What keeps us tethered is Duke’s perception and skills at building his worlds. However, Duke adroitly pursues abstraction and distortion without jettisoning the sensuous surfaces of objects and space. “I’m Not Your Superman” illustrates objects, figures, and space with a sense of material expression—soft, hard, cold, gritty. In visually explaining the reality of objects with textures and wear, there entails the mark of body experience. These descriptions bring specific features of that lived-experience into greater perspicuity through the distortion. This is true especially in “The Cobatibilists” where multiple perspectives and ground shifts suggest the act of seeing, and therefore consciousness. Duke’s world’s are germinating and fill up like a tableau. There is a more fundamental realm of human experience through distortion—more attuned to the actual way in which we see the world. These elements keep us looking because they feel primal. They are true and we recognize without doubt direct qualities of the physical world.

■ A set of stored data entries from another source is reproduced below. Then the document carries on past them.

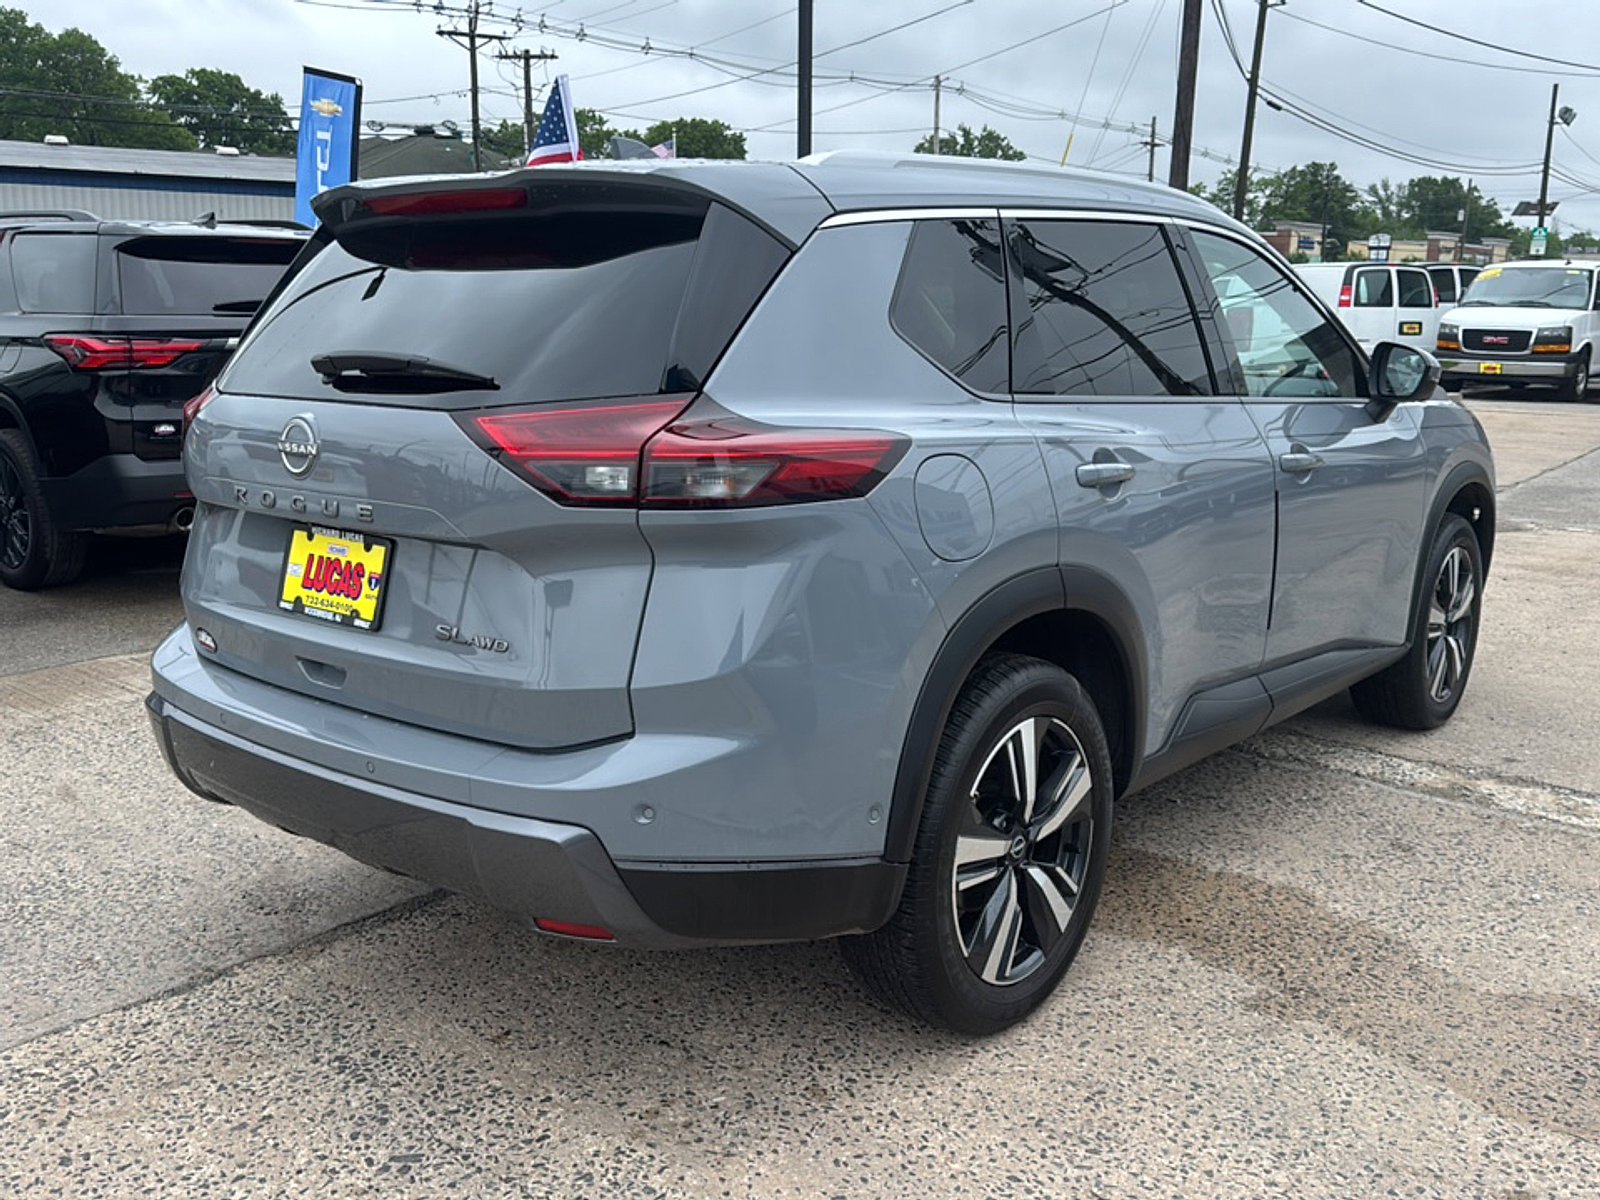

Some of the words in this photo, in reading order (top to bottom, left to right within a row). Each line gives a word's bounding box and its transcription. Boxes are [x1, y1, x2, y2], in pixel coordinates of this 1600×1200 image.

[233, 485, 373, 523] ROGUE
[301, 553, 366, 600] LUCAS
[435, 623, 467, 645] SL
[466, 634, 509, 653] AWD
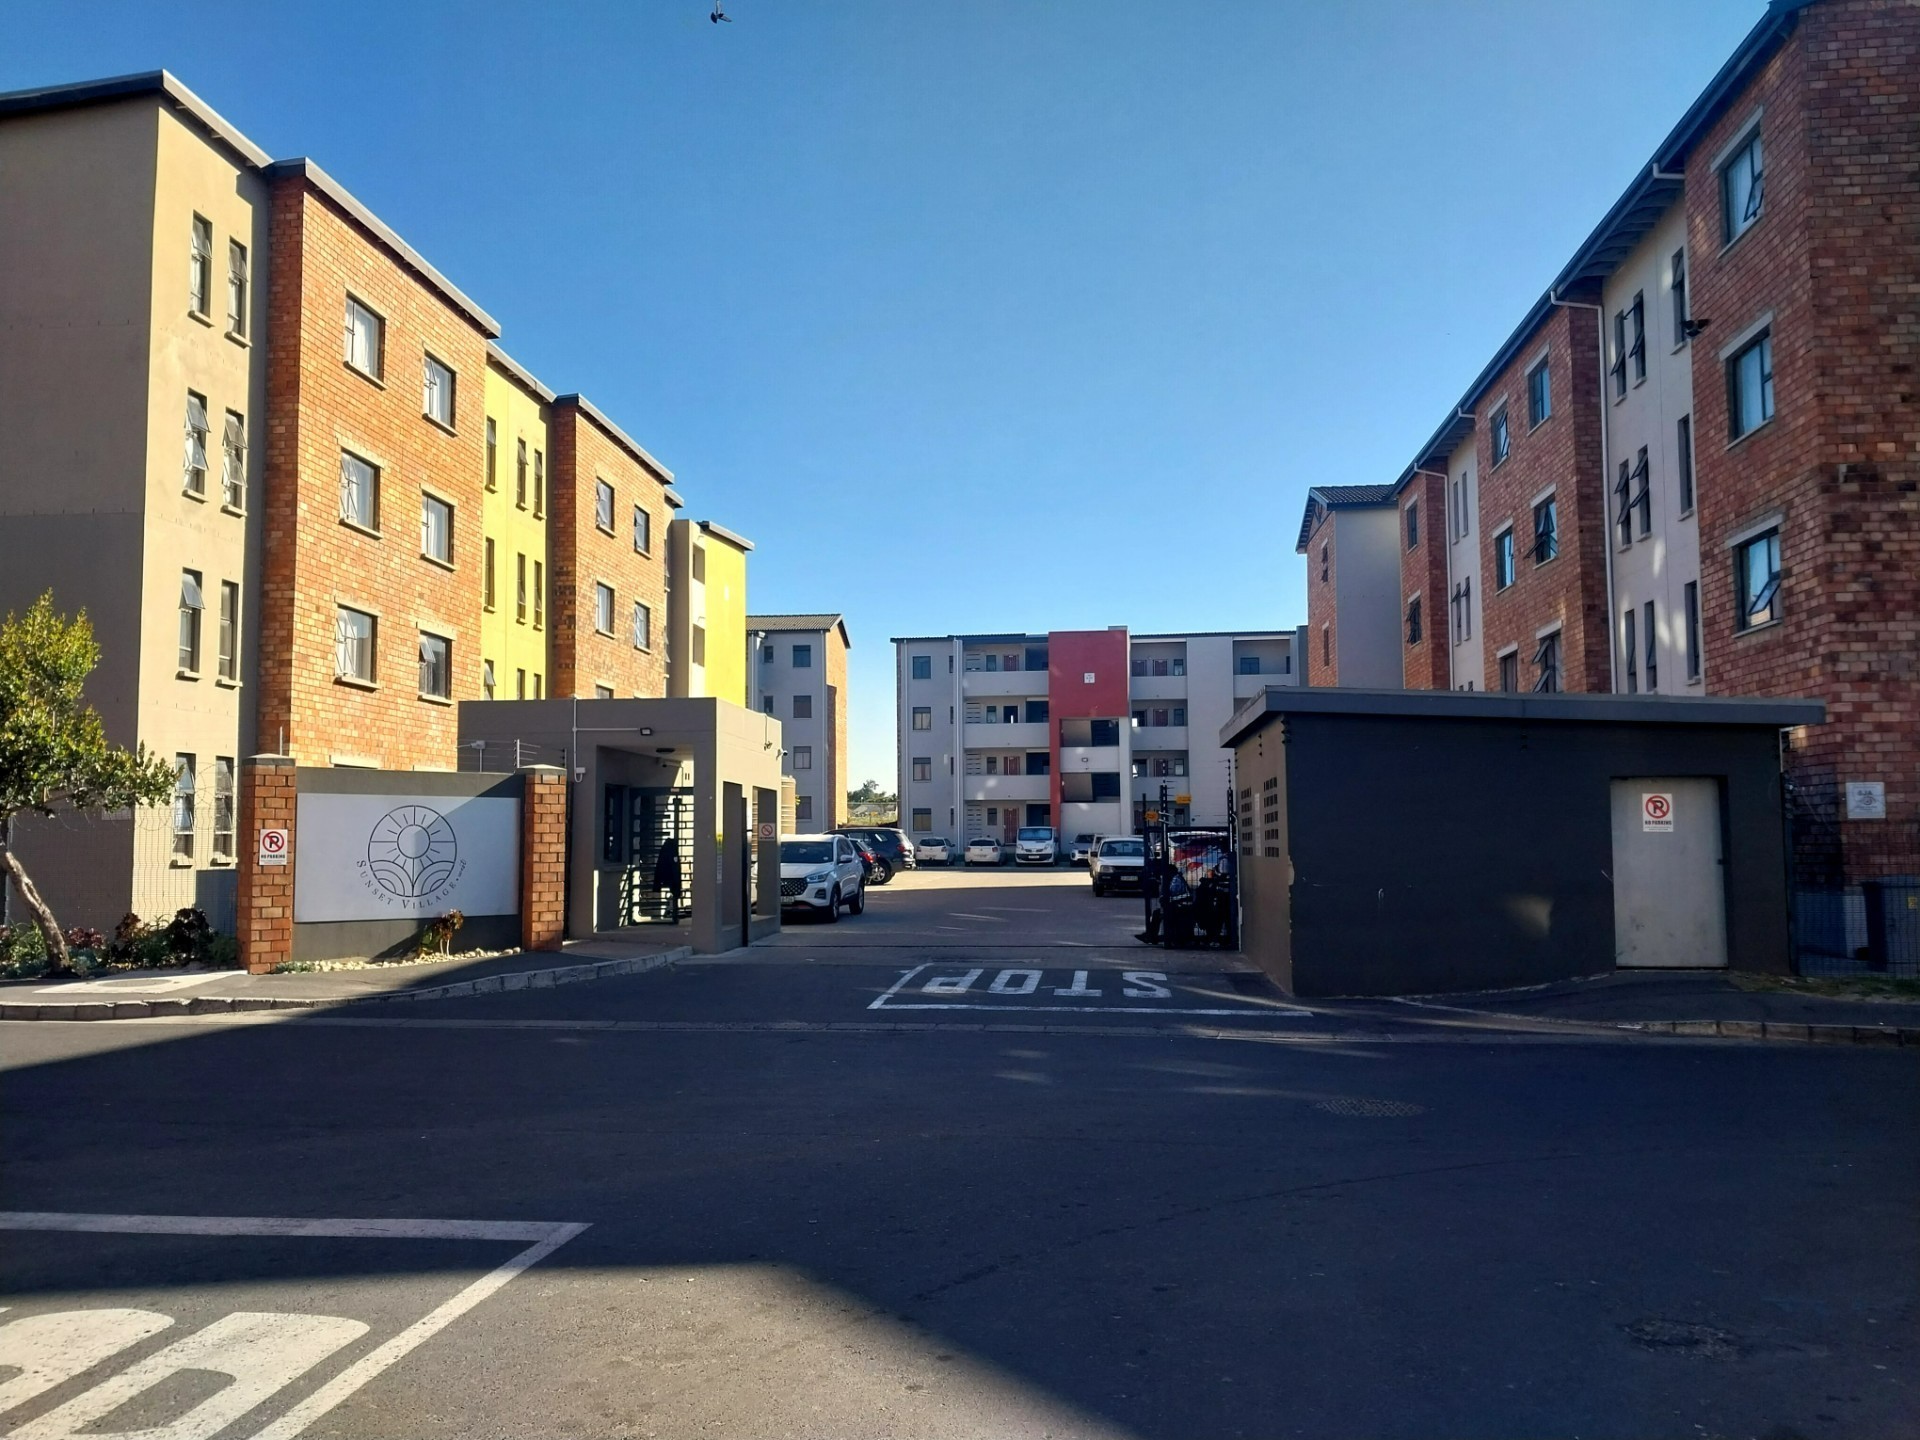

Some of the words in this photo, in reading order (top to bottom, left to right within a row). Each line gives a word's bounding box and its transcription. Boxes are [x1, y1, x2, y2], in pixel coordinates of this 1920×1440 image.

[357, 860, 394, 905] SUNSET
[402, 883, 457, 909] VILLAGE
[921, 968, 1172, 998] STOP

It’s not just about the illusory worlds where Duke finds center. The magic is perhaps something beyond. A liminal and urgent paint language necessitates the viscous strata Duke incarnates into the work as a body memory. Even from five feet the viewer can experience the illusions being created, the invisible made viable. So fresh it seems; again, always at present. So apparent that we are able to imagine the artist in the act of imagining while simultaneously constructing the moment. He is caught up, intensely intertwined in the midst of making all tangible. Duke is working these surfaces but he is also breaking the surfaces. This is where I think Duke embodies the concept with which he is trying to communicate. We are watching an imagined and physical experience rather than just seeing a perceptual illusion.

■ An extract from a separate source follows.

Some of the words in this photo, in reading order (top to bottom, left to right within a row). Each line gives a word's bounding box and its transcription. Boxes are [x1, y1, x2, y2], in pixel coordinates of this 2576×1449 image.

Duke intertwines lives to remind us that the multisensory experience can be a terribly beautiful and disastrous experience. His constructs are reflective illusions where spaces are about the body’s existence in the world, the body’s activity in the world. It is important that these are worlds that have been lived in so that pondering them we don’t feel external to them. He organizes and gives structure to different grounds through which he is positioning us. When these grounds intersect a vortex blossoms. The amplification denotes specific, important changes that occur in the physical process of creation where, in the exaggeration, lies deep significance.
Yet Duke’s paintings tell us one more secret. Duke is at his sharpest when his poetic and allusive language of materials and perceptions appear to prefigure what will be seen. Detailing the tacit, pre-reflective relationship between experience and the built world, Duke seems to be painting experience, as he is receiving it. The descriptive evidence points to that of awareness. For Duke, painting is close to the palpable life of things and the world around him. We experience Duke looking and studying and ultimately reveling in the wonder and mystery of the now. We feel that. We feel his now.